Fantastic video, but it winds me up when they add padding to a phone video to make it landscape, as if no one in existence might possibly be viewing their phone-generated content on a phone.

david,

Why can’t you use it? Because your web designer isn’t designing for the possibility that people use a phone to access the Web, but it’s not 2004 any more and they’re living in the past.

You showed your colours when you assumed that portrait video is of lower quality. It’s only of lower quality if you’ve padded it out and are watching it on a landscape screen!

Technology to detect whether your webpage is being viewed landscape has existed for a long time, and takes very simple calculations indeed or just a splash or two of css to maximise the video size for whatever screen it’s being viewed on. It’s design laziness and wasted bandwidth to put the silly blurry bars or even black bars down the side of the video. But don’t force landscape on everyone. Smart phones aren’t new and they aren’t going away.

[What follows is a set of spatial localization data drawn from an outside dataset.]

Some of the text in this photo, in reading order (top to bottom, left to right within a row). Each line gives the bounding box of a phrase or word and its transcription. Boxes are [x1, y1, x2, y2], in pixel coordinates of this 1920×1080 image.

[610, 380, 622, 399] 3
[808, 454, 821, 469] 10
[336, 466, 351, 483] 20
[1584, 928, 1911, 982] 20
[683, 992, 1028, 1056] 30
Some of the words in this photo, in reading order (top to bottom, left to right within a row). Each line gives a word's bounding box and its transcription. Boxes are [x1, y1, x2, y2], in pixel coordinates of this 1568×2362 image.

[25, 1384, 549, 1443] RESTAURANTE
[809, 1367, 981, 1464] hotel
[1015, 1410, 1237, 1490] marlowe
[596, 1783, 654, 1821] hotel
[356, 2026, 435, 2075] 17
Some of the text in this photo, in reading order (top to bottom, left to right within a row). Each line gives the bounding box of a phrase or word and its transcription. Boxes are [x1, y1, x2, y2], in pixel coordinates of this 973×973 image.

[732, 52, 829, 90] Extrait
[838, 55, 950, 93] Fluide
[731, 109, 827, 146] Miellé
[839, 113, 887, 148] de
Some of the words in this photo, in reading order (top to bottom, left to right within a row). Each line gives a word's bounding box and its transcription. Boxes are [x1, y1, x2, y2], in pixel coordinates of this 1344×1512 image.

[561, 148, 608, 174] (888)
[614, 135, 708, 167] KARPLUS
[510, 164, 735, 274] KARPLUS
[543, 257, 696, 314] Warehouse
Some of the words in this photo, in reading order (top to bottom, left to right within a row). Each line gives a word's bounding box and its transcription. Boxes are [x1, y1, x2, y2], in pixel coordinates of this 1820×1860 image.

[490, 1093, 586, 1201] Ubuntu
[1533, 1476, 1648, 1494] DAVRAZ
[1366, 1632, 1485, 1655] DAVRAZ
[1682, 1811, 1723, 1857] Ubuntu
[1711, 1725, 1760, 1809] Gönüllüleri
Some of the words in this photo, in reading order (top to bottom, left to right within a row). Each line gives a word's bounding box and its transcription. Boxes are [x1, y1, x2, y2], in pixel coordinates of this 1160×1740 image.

I suspect that the majority of people who spend even a tiny bit more than half of their recreational screen time looking at a fixed landscape screen are well over thirty.

david,

I never said it’s lower quality. Not once.

No? This you?

we kept everything to a certain standard of quality. Vertical videos are not suitable for anything except a phone.

Totally not lower quality. Definitely not. There’s a full stop and everything. No link whatsoever. My bad.

No one said anything about websites.

Well I think the rest of us are discussing a video on bbc.co.uk, which is a website, and we’re doing it on lemmy.world, which is also a website, and when I complained about people making portrait videos landscape, I suspect most people correctly figured out that I meant on websites, so I really think it’s just you that assumes we’re talking about jeep club.

david, (edited )

But the fuzzy bars on the side make it great?!?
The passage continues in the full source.